Florida Fights Obama Administration Coercion for Medicaid Expansion

Published June 9, 2015

Florida Gov. Rick Scott (R) announced his administration will file a lawsuit against the federal government for threatening to withhold more than $1 billion in Low Income Pool (LIP) funding for hospitals if the state fails to expand Medicaid.

LIP was created to replace supplemental hospital payments when the state moved from a fee-for-service system to reformed Medicaid managed care. Florida officials agreed to move $1.2 billion in other Medicaid funding into LIP as part of waiver negotiations with the federal government in 2014. According to state data, Medicaid payments cover 62 percent of hospital costs, and with LIP funding, 95 percent of costs are covered.

“What the Washington[,DC] officials and Centers for Medicare and Medicaid Services are saying is if you expanded Medicaid, then you would have less of a need for low-income pool funding,” said Thomas Miller, a resident fellow at the American Enterprise Institute. “But that’s questionable because it’s not typically good care and it’s not particularly well funded.”

Obama Leveraging States

A Florida Senate bill would require the state to cover 10 percent of the Medicaid expansion cost, or $5 billion.

Scott and most of the Florida House are resisting any legislation that expands Medicaid since the U.S. Supreme Court decision in National Federation of Independent Business v. Sebelius made expansion optional, Miller says. In this 2012 Affordable Care Act (ACA) case, Chief Justice John Roberts and Justices Samuel Alito, Stephan Breyer, Elena Kagan, Anthony Kennedy, Antonin Scalia, and Clarence Thomas found the Medicaid expansion provisions were written unconstitutionally. They concluded Congress does not have authority to threaten a state with complete loss of federal funding of Medicaid if the state refuses the expansion.

“Politically, this suggests that [although] there are some limits in resisting Medicaid expansion by states, it doesn’t work that well for the Obama administration to use this type of money to leverage and coerce … the states to this type of expansion,” Miller said.

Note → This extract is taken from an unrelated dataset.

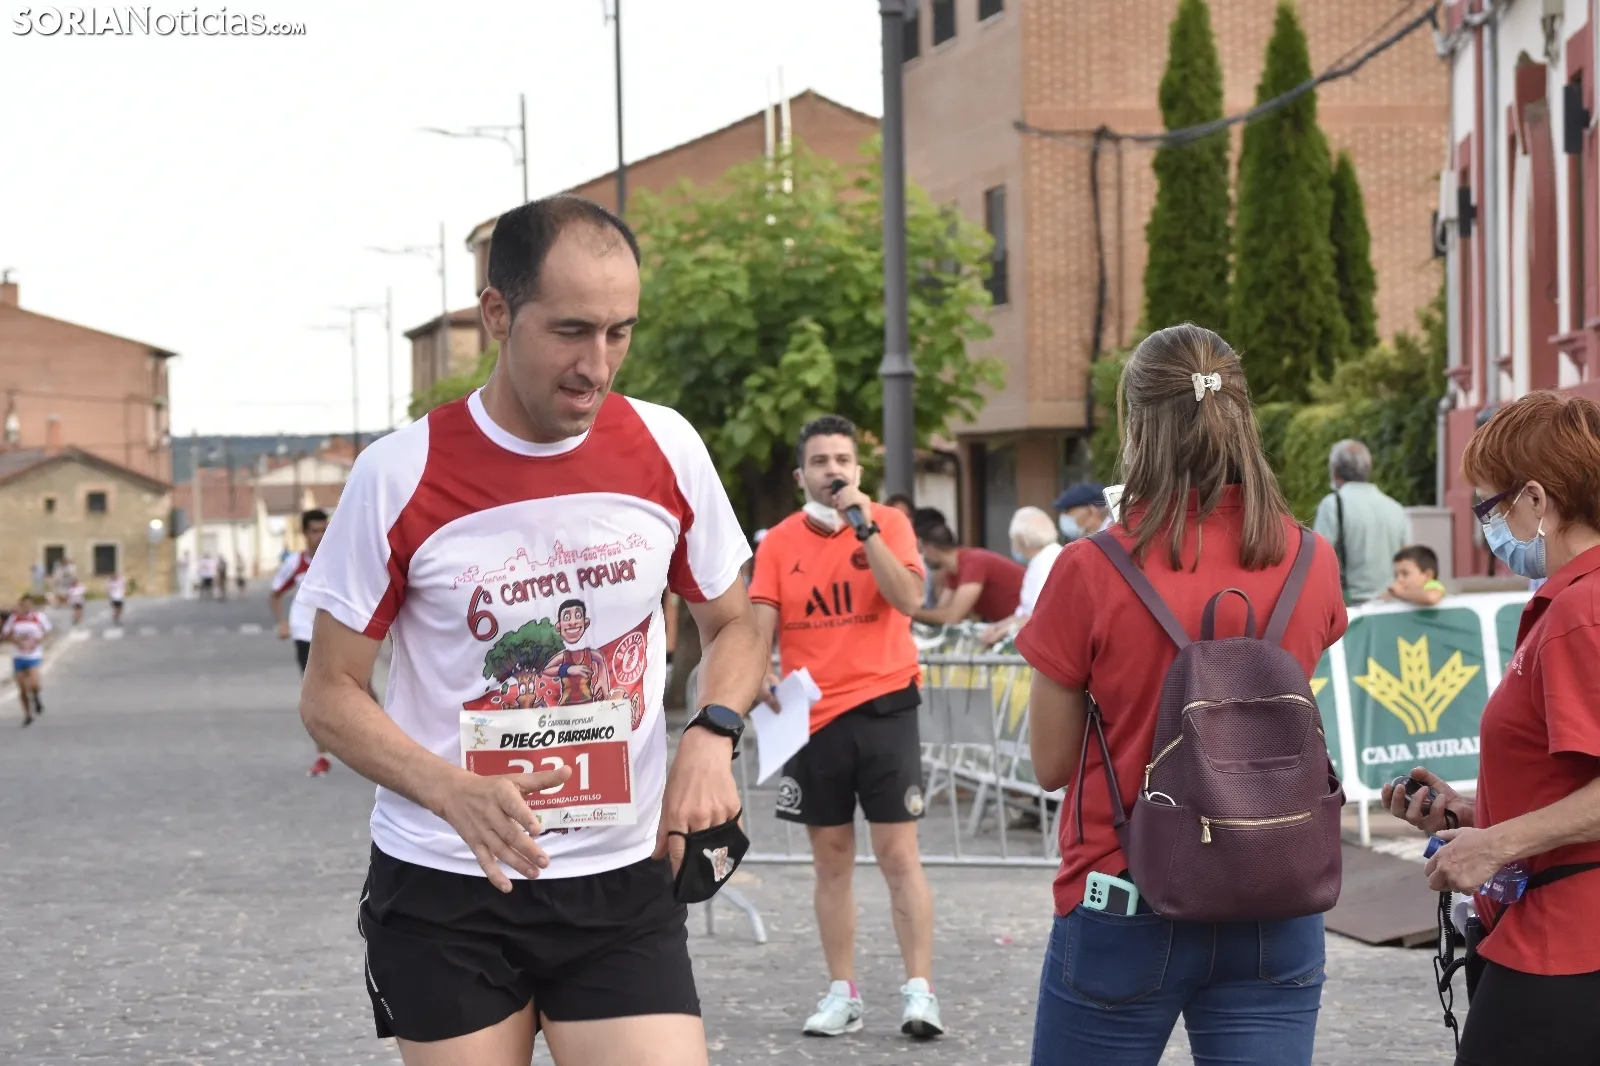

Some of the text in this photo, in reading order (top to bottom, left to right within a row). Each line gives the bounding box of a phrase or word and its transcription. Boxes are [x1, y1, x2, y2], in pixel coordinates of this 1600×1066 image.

Twenty-one states have rejected the expansion, and the Obama administration is sending a clear sign to other non-expansion states they’re willing to bully and basically blackmail state lawmakers to get what they want, says Nicholas Horton, a policy impact specialist at the Foundation for Government Accountability.

“All the while, they’re telling these same state lawmakers how much ‘flexibility’ they’ll give them if they’ll just agree to expand,” Horton said.

Costs ‘a Nightmare’

If Florida were to expand Medicaid, nearly 1.3 million people would enroll, according to the National Center for Policy Analysis. Horton says he considers this a low estimate based on the experience of other expansion states.

“The costs are unsustainable and unpredictable,” Horton said. “It’s just a nightmare all the way around for taxpayers, for the needy, and for state lawmakers.”

The Obama administration’s push to force Medicaid expansion may hit Kansas and Texas later this year, when their LIP funding waivers will be up for reauthorization.

Miller says LIP funding represents a significant amount of the resources available to provide assistance to low-income individuals not covered under Medicaid.

“There’s a lot of pressure and angst over the [potential] loss of those resources, which people had assumed would continue in the future for a number of years,” Miller said. “Both sides are probably moving closer to finding some common ground, but there is a short amount of time and a lot of polarized atmosphere surrounding this.”

Jehadu Abshiro ([email protected]) writes from Dallas, Texas.